Directions for this task: Leaving the pictures aside, return the listing exactly as it appears.

Given data:
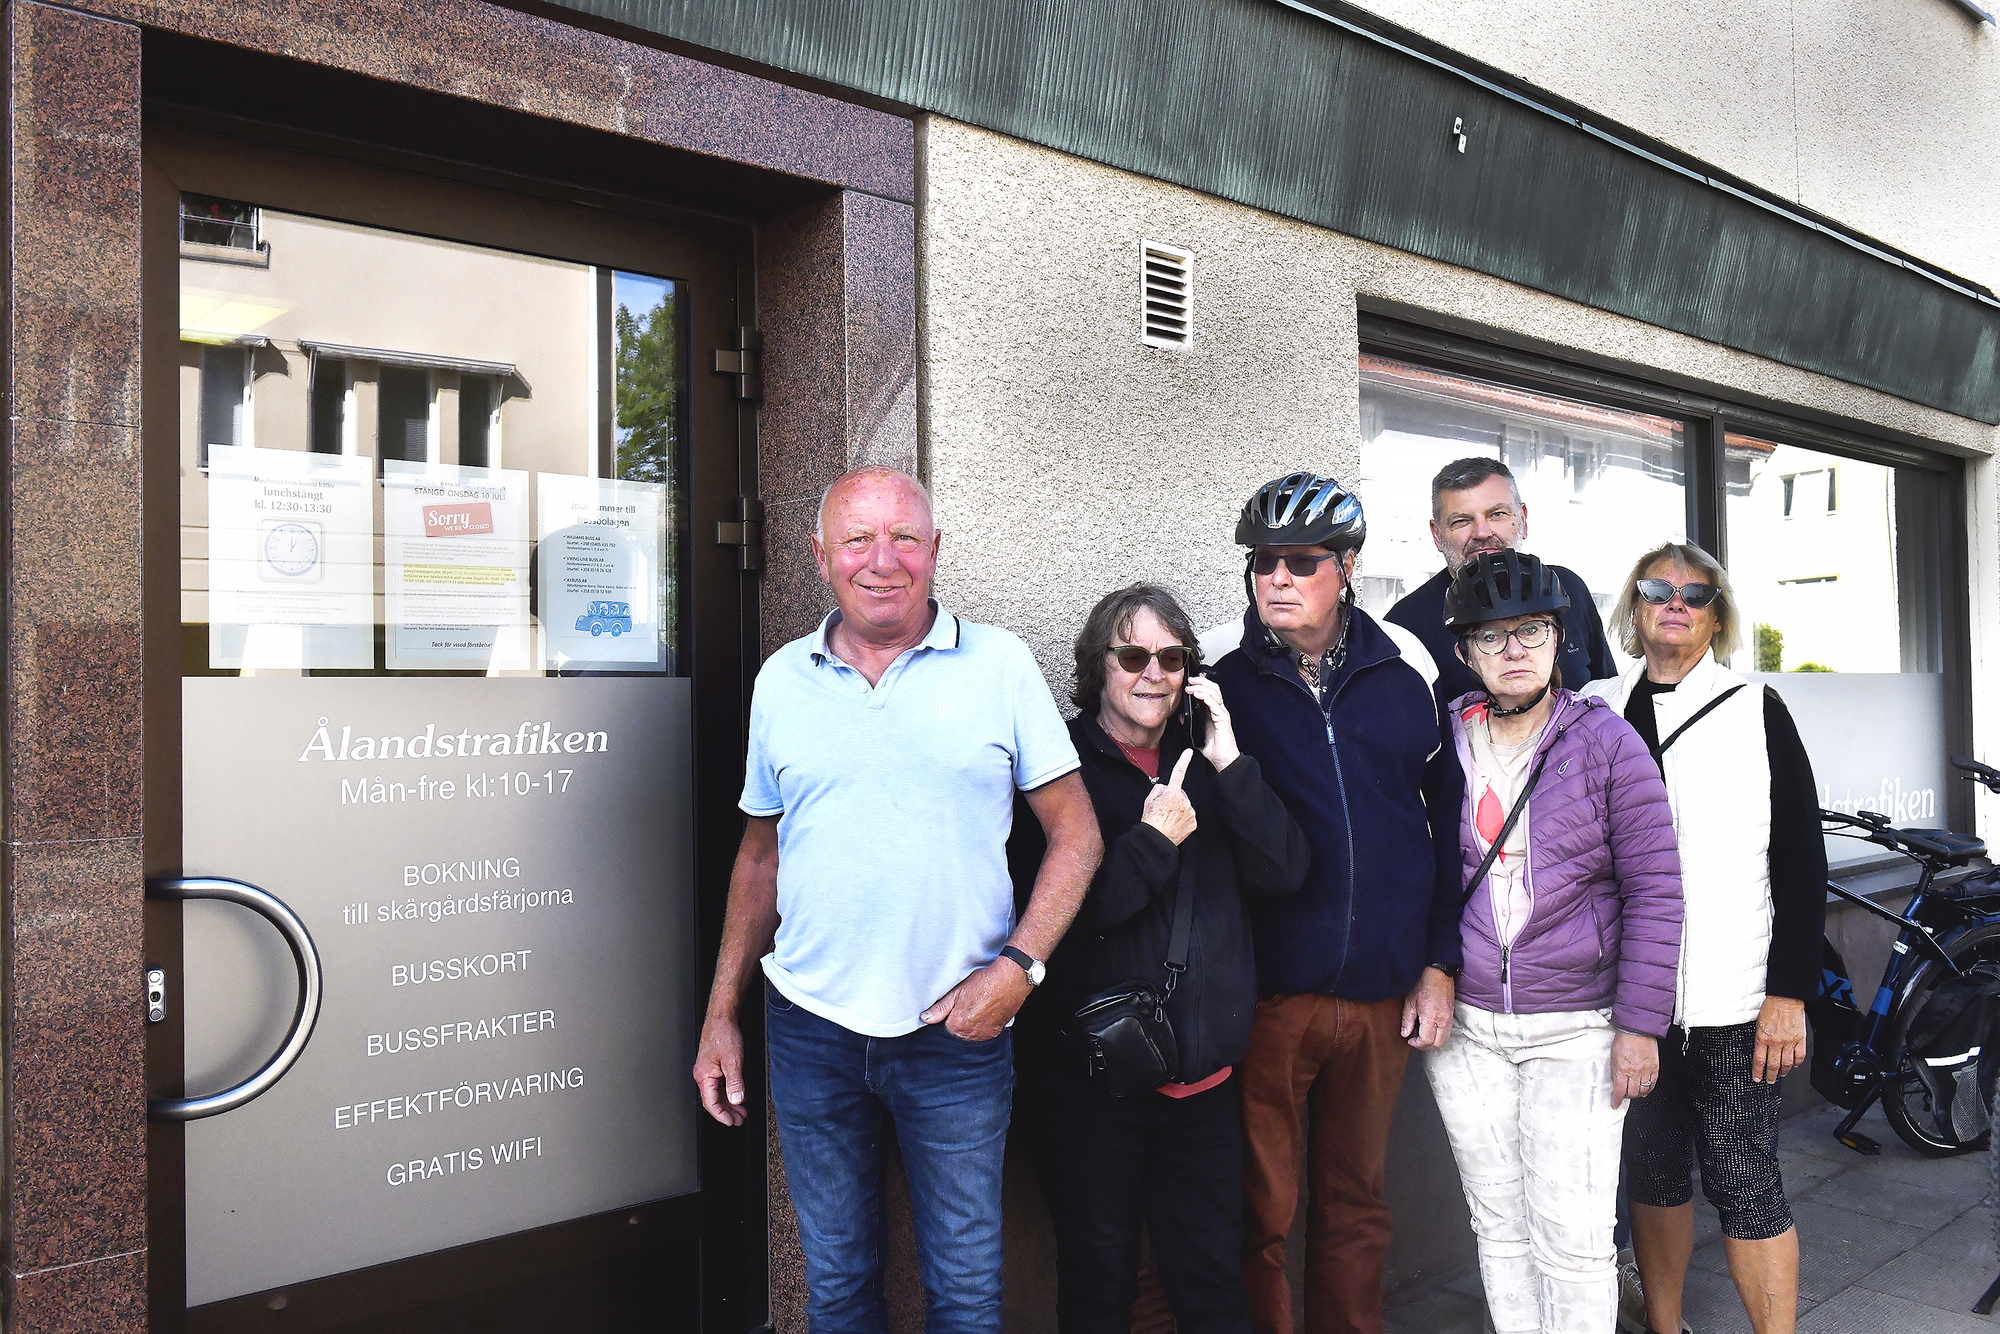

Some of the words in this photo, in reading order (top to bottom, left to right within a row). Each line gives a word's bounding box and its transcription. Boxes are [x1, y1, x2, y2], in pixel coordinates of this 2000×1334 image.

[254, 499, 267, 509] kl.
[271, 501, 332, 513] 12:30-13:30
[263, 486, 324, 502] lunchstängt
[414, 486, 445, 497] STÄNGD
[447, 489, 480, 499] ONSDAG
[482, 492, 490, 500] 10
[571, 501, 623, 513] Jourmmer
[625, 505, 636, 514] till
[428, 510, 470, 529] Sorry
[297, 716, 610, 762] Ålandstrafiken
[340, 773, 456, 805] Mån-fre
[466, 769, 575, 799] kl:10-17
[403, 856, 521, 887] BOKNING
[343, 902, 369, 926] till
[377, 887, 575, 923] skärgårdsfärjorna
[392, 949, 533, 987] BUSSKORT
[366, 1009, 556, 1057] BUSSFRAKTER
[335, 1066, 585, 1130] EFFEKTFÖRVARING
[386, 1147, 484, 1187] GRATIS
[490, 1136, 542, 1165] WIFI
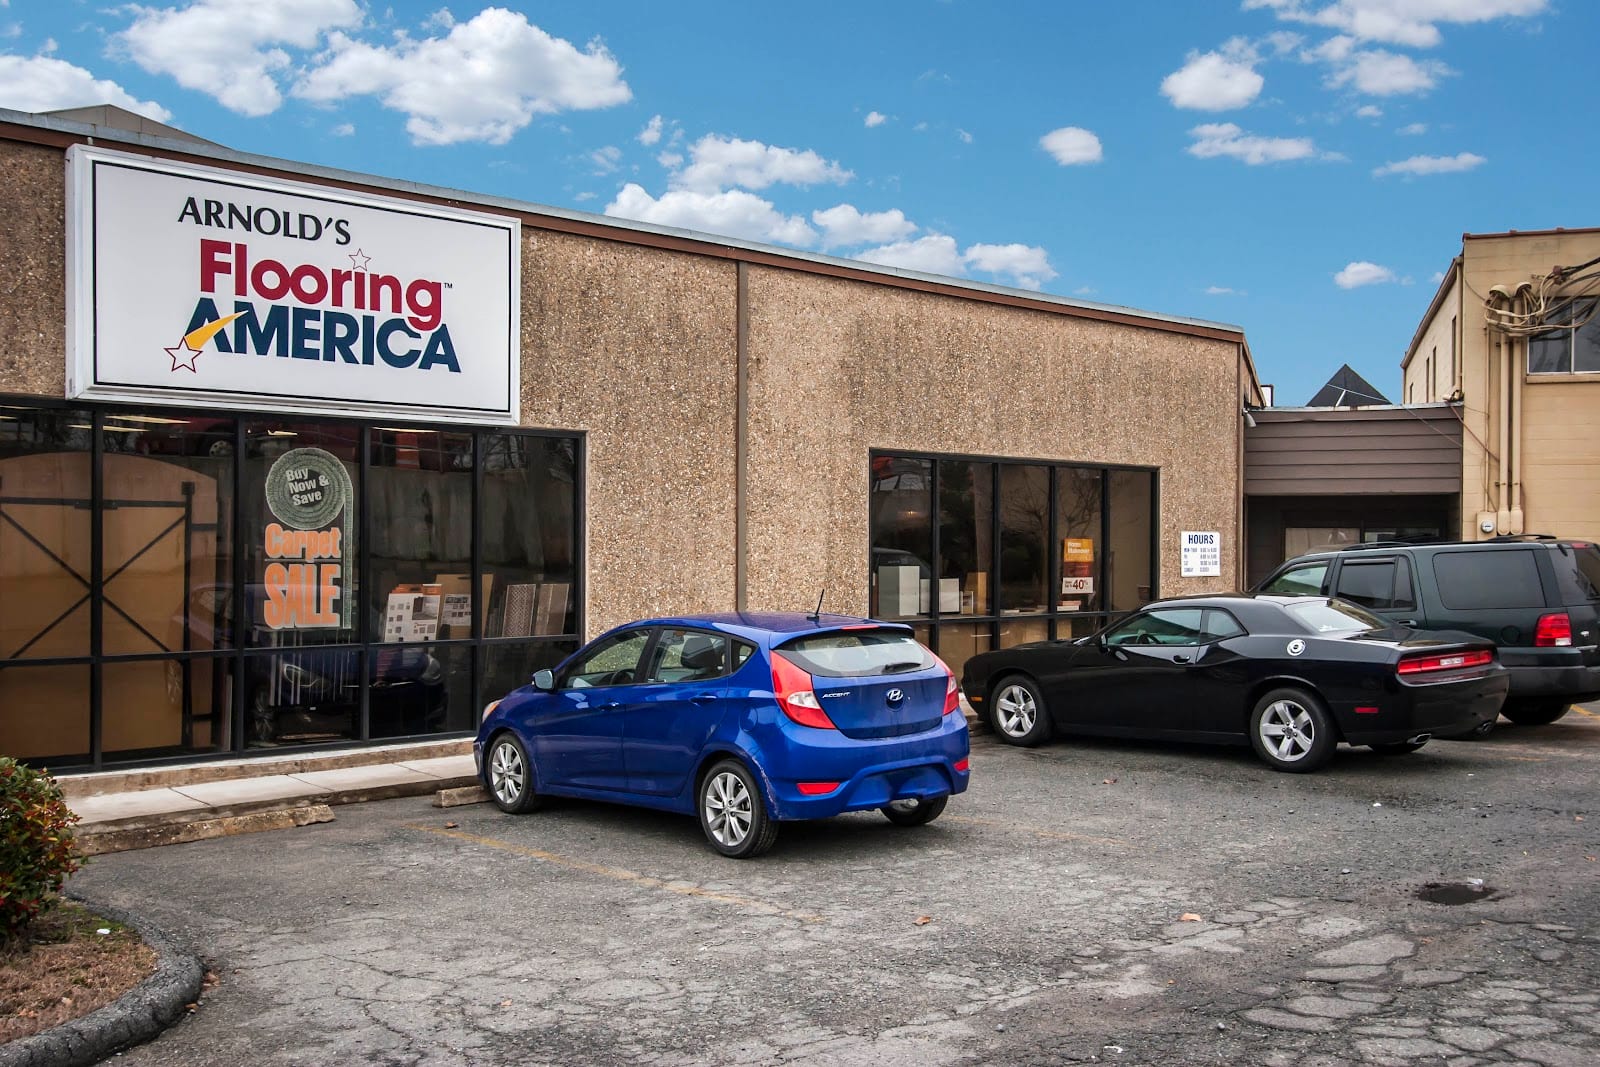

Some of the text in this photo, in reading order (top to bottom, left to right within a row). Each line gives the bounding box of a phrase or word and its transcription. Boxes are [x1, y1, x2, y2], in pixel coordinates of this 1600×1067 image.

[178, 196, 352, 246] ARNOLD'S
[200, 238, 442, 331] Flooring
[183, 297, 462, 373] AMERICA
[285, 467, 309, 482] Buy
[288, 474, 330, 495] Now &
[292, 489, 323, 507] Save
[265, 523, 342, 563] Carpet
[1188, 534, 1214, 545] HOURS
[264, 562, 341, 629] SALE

Exercise response:
Some of the words in this photo, in reading order (top to bottom, left to right within a row). Each line gives a word's bounding box and its transcription. Boxes are [x1, y1, x2, y2], in pixel coordinates of this 2000×1334 image.

[254, 499, 267, 509] kl.
[271, 501, 332, 513] 12:30-13:30
[263, 486, 324, 502] lunchstängt
[414, 486, 445, 497] STÄNGD
[447, 489, 480, 499] ONSDAG
[482, 492, 490, 500] 10
[571, 501, 623, 513] Jourmmer
[625, 505, 636, 514] till
[428, 510, 470, 529] Sorry
[297, 716, 610, 762] Ålandstrafiken
[340, 773, 456, 805] Mån-fre
[466, 769, 575, 799] kl:10-17
[403, 856, 521, 887] BOKNING
[343, 902, 369, 926] till
[377, 887, 575, 923] skärgårdsfärjorna
[392, 949, 533, 987] BUSSKORT
[366, 1009, 556, 1057] BUSSFRAKTER
[335, 1066, 585, 1130] EFFEKTFÖRVARING
[386, 1147, 484, 1187] GRATIS
[490, 1136, 542, 1165] WIFI

Some of the text in this photo, in reading order (top to bottom, left to right within a row). Each line gives the bounding box of a phrase or word and its transcription. Boxes are [x1, y1, x2, y2], in pixel coordinates of this 1600×1067 image.

[178, 196, 352, 246] ARNOLD'S
[200, 238, 442, 331] Flooring
[183, 297, 462, 373] AMERICA
[285, 467, 309, 482] Buy
[288, 474, 330, 495] Now &
[292, 489, 323, 507] Save
[265, 523, 342, 563] Carpet
[1188, 534, 1214, 545] HOURS
[264, 562, 341, 629] SALE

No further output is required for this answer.